Work task
What you return must match the records word for word, except that pictures are dropped.

Saved entries
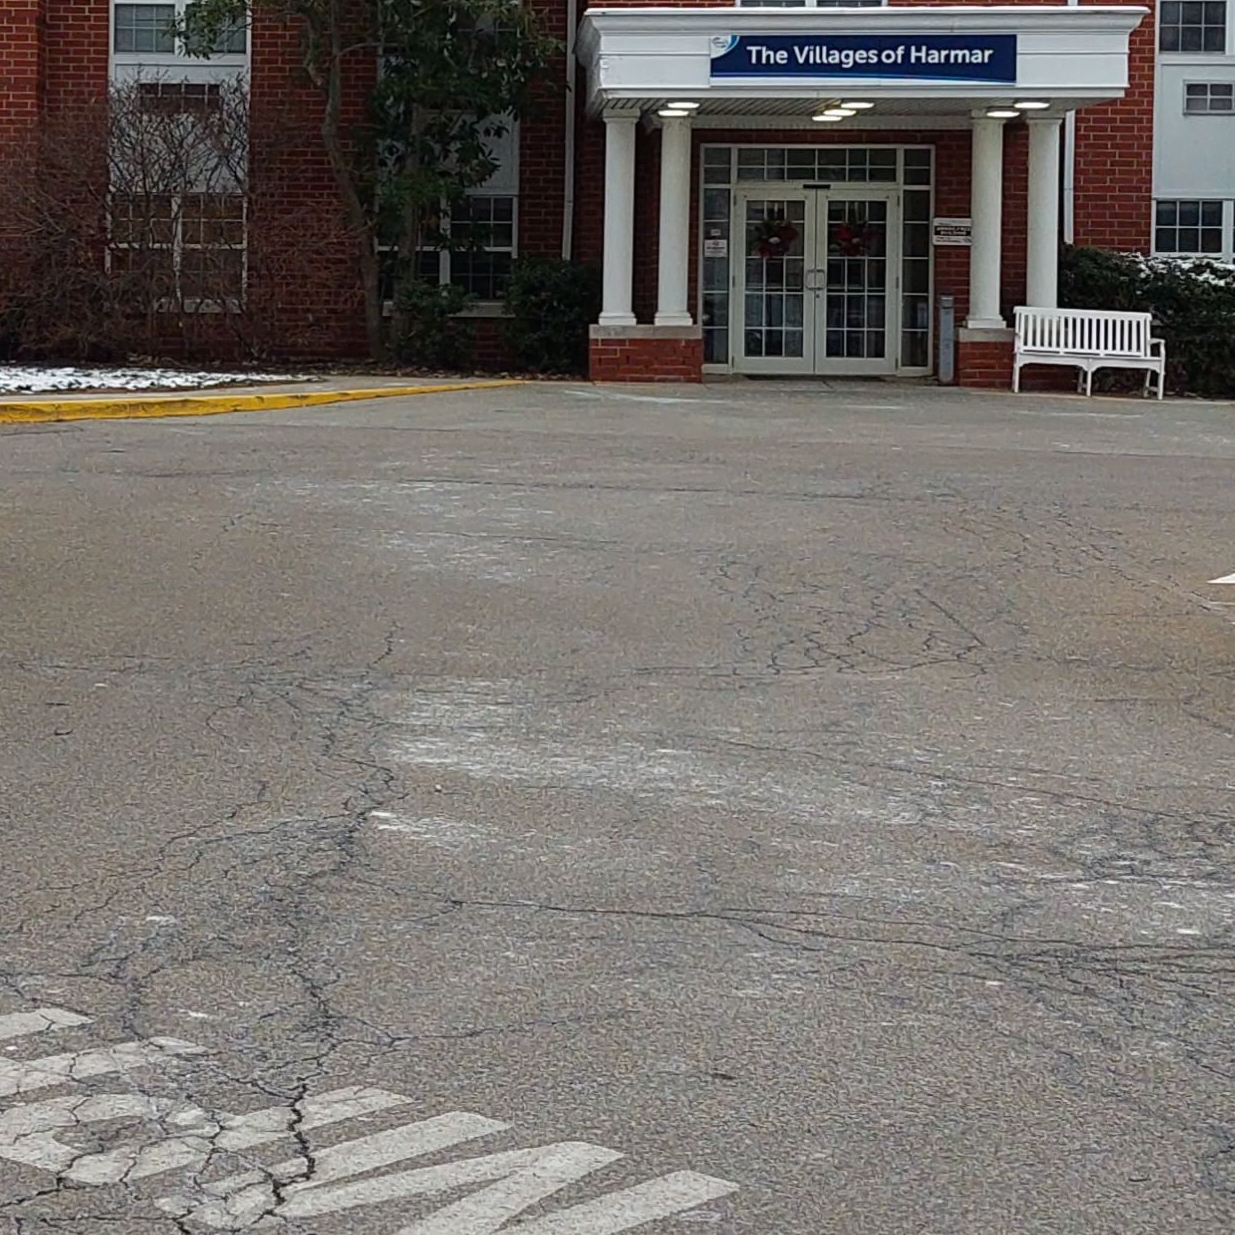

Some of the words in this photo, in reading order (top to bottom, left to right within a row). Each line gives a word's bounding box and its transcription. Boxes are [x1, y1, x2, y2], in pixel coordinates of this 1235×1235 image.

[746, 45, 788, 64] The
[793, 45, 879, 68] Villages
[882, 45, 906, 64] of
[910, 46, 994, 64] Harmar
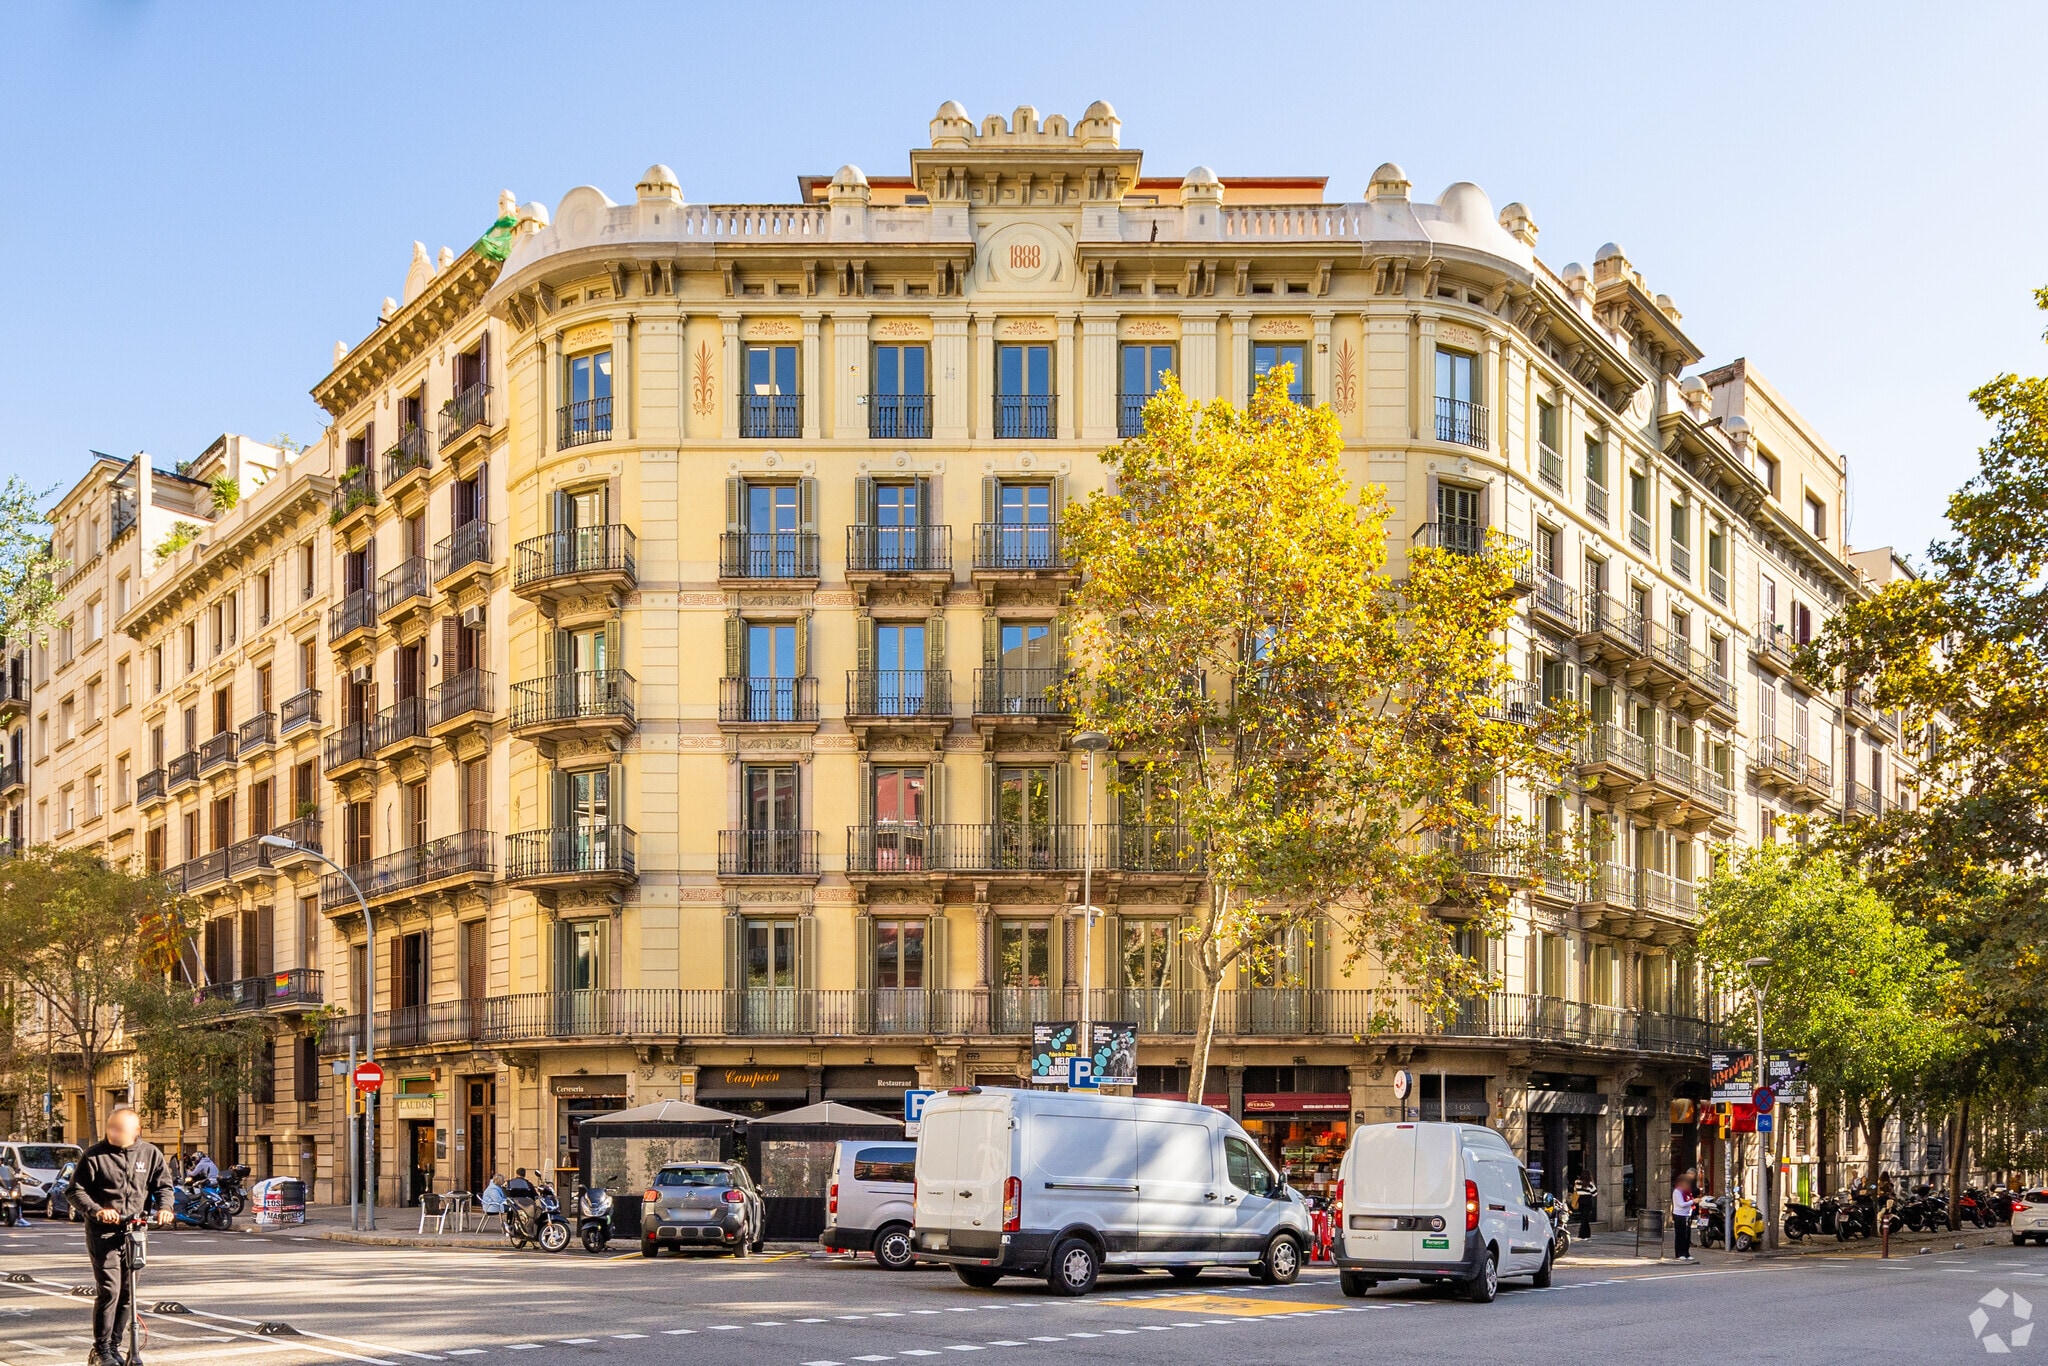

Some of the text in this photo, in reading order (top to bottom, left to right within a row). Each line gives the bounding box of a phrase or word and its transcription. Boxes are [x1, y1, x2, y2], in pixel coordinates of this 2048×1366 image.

Result of this task
Some of the words in this photo, in reading order (top to bottom, left to right within a row). Each line gives a word's bounding box and its transcription. Boxes are [x1, y1, x2, y2], in pixel coordinates of this 1235×1235 image.

[746, 45, 788, 64] The
[793, 45, 879, 68] Villages
[882, 45, 906, 64] of
[910, 46, 994, 64] Harmar

Some of the text in this photo, in reading order (top to bottom, left to right within a row). Each line gives the bounding box of a phrase or word and its transcription. Boxes are [x1, y1, x2, y2], in pixel coordinates of this 2048×1366 image.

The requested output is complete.